EXERCISE REQUIREMENTS:
Reproduce the data below in full. Nothing should differ from the original.

Collected data:
☆ ☆ ☆ ☆ ☆ ☆ ☆
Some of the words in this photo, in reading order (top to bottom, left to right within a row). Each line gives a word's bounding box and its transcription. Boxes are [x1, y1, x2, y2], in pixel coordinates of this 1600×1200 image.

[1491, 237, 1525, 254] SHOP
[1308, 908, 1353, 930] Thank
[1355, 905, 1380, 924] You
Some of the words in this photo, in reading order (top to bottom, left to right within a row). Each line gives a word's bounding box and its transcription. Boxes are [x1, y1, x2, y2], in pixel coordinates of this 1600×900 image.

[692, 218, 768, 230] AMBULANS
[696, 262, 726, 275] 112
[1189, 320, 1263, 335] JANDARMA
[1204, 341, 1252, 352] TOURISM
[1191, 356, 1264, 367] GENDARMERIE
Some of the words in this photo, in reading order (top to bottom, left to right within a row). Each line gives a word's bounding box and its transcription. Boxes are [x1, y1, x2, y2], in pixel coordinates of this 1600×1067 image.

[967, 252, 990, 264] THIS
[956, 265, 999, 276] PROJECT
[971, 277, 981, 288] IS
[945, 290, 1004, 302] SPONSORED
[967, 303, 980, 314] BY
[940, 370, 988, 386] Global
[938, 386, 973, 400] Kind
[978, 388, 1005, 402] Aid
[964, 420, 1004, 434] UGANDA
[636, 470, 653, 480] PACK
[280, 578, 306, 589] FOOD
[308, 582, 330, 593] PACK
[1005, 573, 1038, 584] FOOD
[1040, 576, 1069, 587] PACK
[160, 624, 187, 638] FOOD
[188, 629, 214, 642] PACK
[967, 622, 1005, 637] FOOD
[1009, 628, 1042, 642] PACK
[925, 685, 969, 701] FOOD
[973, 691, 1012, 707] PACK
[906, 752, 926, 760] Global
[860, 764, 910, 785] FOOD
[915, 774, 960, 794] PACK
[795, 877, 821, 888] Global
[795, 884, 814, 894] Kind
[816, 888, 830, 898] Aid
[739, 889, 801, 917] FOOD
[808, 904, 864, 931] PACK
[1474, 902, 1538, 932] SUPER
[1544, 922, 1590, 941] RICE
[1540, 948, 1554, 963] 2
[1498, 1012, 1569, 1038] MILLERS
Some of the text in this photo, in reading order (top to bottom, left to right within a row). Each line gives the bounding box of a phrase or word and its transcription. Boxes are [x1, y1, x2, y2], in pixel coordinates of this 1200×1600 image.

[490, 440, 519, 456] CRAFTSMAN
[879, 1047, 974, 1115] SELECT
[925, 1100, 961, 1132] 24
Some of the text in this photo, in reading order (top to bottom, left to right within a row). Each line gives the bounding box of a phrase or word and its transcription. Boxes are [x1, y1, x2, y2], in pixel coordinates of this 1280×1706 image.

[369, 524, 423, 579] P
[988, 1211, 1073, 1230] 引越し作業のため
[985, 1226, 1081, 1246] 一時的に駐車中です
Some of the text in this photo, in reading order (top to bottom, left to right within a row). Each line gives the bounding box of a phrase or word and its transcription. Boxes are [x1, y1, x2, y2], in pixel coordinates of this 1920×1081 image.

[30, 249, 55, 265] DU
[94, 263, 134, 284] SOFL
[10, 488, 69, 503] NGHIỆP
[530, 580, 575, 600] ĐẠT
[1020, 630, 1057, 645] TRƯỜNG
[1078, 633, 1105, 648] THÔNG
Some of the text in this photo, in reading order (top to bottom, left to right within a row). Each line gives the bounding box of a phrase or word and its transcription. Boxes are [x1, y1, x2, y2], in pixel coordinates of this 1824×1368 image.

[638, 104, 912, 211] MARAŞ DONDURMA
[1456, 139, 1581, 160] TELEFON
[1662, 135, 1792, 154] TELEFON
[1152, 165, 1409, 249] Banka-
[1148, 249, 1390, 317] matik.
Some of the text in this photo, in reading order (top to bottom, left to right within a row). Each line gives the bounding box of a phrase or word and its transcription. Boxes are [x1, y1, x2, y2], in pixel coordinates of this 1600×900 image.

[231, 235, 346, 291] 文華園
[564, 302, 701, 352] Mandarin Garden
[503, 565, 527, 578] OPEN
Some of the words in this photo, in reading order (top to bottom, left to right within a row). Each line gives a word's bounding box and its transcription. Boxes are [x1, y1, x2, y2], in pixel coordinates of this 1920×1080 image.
☆ ☆ ☆ ☆ ☆ ☆ ☆
FINISHED EXERCISE:
Some of the words in this photo, in reading order (top to bottom, left to right within a row). Each line gives a word's bounding box and its transcription. Boxes are [x1, y1, x2, y2], in pixel coordinates of this 1600×1200 image.

[1491, 237, 1525, 254] SHOP
[1308, 908, 1353, 930] Thank
[1355, 905, 1380, 924] You
Some of the words in this photo, in reading order (top to bottom, left to right within a row). Each line gives a word's bounding box and its transcription. Boxes are [x1, y1, x2, y2], in pixel coordinates of this 1600×900 image.

[692, 218, 768, 230] AMBULANS
[696, 262, 726, 275] 112
[1189, 320, 1263, 335] JANDARMA
[1204, 341, 1252, 352] TOURISM
[1191, 356, 1264, 367] GENDARMERIE
Some of the words in this photo, in reading order (top to bottom, left to right within a row). Each line gives a word's bounding box and its transcription. Boxes are [x1, y1, x2, y2], in pixel coordinates of this 1600×1067 image.

[967, 252, 990, 264] THIS
[956, 265, 999, 276] PROJECT
[971, 277, 981, 288] IS
[945, 290, 1004, 302] SPONSORED
[967, 303, 980, 314] BY
[940, 370, 988, 386] Global
[938, 386, 973, 400] Kind
[978, 388, 1005, 402] Aid
[964, 420, 1004, 434] UGANDA
[636, 470, 653, 480] PACK
[280, 578, 306, 589] FOOD
[308, 582, 330, 593] PACK
[1005, 573, 1038, 584] FOOD
[1040, 576, 1069, 587] PACK
[160, 624, 187, 638] FOOD
[188, 629, 214, 642] PACK
[967, 622, 1005, 637] FOOD
[1009, 628, 1042, 642] PACK
[925, 685, 969, 701] FOOD
[973, 691, 1012, 707] PACK
[906, 752, 926, 760] Global
[860, 764, 910, 785] FOOD
[915, 774, 960, 794] PACK
[795, 877, 821, 888] Global
[795, 884, 814, 894] Kind
[816, 888, 830, 898] Aid
[739, 889, 801, 917] FOOD
[808, 904, 864, 931] PACK
[1474, 902, 1538, 932] SUPER
[1544, 922, 1590, 941] RICE
[1540, 948, 1554, 963] 2
[1498, 1012, 1569, 1038] MILLERS
Some of the text in this photo, in reading order (top to bottom, left to right within a row). Each line gives the bounding box of a phrase or word and its transcription. Boxes are [x1, y1, x2, y2], in pixel coordinates of this 1200×1600 image.

[490, 440, 519, 456] CRAFTSMAN
[879, 1047, 974, 1115] SELECT
[925, 1100, 961, 1132] 24
Some of the text in this photo, in reading order (top to bottom, left to right within a row). Each line gives the bounding box of a phrase or word and its transcription. Boxes are [x1, y1, x2, y2], in pixel coordinates of this 1280×1706 image.

[369, 524, 423, 579] P
[988, 1211, 1073, 1230] 引越し作業のため
[985, 1226, 1081, 1246] 一時的に駐車中です
Some of the text in this photo, in reading order (top to bottom, left to right within a row). Each line gives the bounding box of a phrase or word and its transcription. Boxes are [x1, y1, x2, y2], in pixel coordinates of this 1920×1081 image.

[30, 249, 55, 265] DU
[94, 263, 134, 284] SOFL
[10, 488, 69, 503] NGHIỆP
[530, 580, 575, 600] ĐẠT
[1020, 630, 1057, 645] TRƯỜNG
[1078, 633, 1105, 648] THÔNG
Some of the text in this photo, in reading order (top to bottom, left to right within a row). Each line gives the bounding box of a phrase or word and its transcription. Boxes are [x1, y1, x2, y2], in pixel coordinates of this 1824×1368 image.

[638, 104, 912, 211] MARAŞ DONDURMA
[1456, 139, 1581, 160] TELEFON
[1662, 135, 1792, 154] TELEFON
[1152, 165, 1409, 249] Banka-
[1148, 249, 1390, 317] matik.
Some of the text in this photo, in reading order (top to bottom, left to right within a row). Each line gives the bounding box of a phrase or word and its transcription. Boxes are [x1, y1, x2, y2], in pixel coordinates of this 1600×900 image.

[231, 235, 346, 291] 文華園
[564, 302, 701, 352] Mandarin Garden
[503, 565, 527, 578] OPEN
Some of the words in this photo, in reading order (top to bottom, left to right within a row). Each line gives a word's bounding box and its transcription. Boxes are [x1, y1, x2, y2], in pixel coordinates of this 1920×1080 image.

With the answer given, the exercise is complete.